Freddy Dunn tried working a factory job once only to quickly realize that, like his cows, he needs to get outside every day. He grew up farming with his dad. “It’s all he’s known,” says his wife, Denise. She does the farm’s books and works for the local police department: “I have a sign in my kitchen,” she says chuckling: “For every great farmer, there’s a spouse who works in town.” Every summer, the family grows sweet corn, tomatoes and cucumbers to sell from a roadside farmstand. “It’s nothing fancy,” says Denise—but it’s all part of keeping things going.
Back when Freddy graduated from high school in 1979, there were five farms on Blackberry Hill Road. “The milk truck driver used to take all us kids riding with him,” Freddy says. “We’d ride the whole route and wouldn’t hardly leave town.” There was a wooden bridge to Dunn Farm, he continues, but by the time the milk truck got back there after doing the full milk pick-up loop, it was too heavy to cross back over the bridge to drop the kids, so they’d jump out and walk the half–mile home. Now Dunn Farm is the only dairy that remains.

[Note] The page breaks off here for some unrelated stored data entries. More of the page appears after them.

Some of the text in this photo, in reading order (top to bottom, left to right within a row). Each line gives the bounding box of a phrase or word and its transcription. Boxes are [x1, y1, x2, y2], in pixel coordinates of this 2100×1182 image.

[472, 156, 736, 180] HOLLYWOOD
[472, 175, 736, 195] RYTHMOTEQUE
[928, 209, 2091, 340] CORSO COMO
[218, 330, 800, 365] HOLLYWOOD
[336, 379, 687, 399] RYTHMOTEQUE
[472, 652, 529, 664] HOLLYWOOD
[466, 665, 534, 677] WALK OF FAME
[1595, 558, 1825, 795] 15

The Dunns consider themselves lucky to have both of their daughters around, though they work off-farm. Ashlee, the eldest, lives with her husband and two kids on the farm. “It’s a joy, a real blast to have the grandkids here,” Denise says. “They don’t worry about getting dirty and they love to help feed the calves.” Both Ashlee and her sister, Marey, motivated the family to get involved with Maine Open Farm Day. “They liked growing up on the farm,” their mother says. “They realize that there are people who don’t know where their milk comes from. This is a way for us to share what we do here.”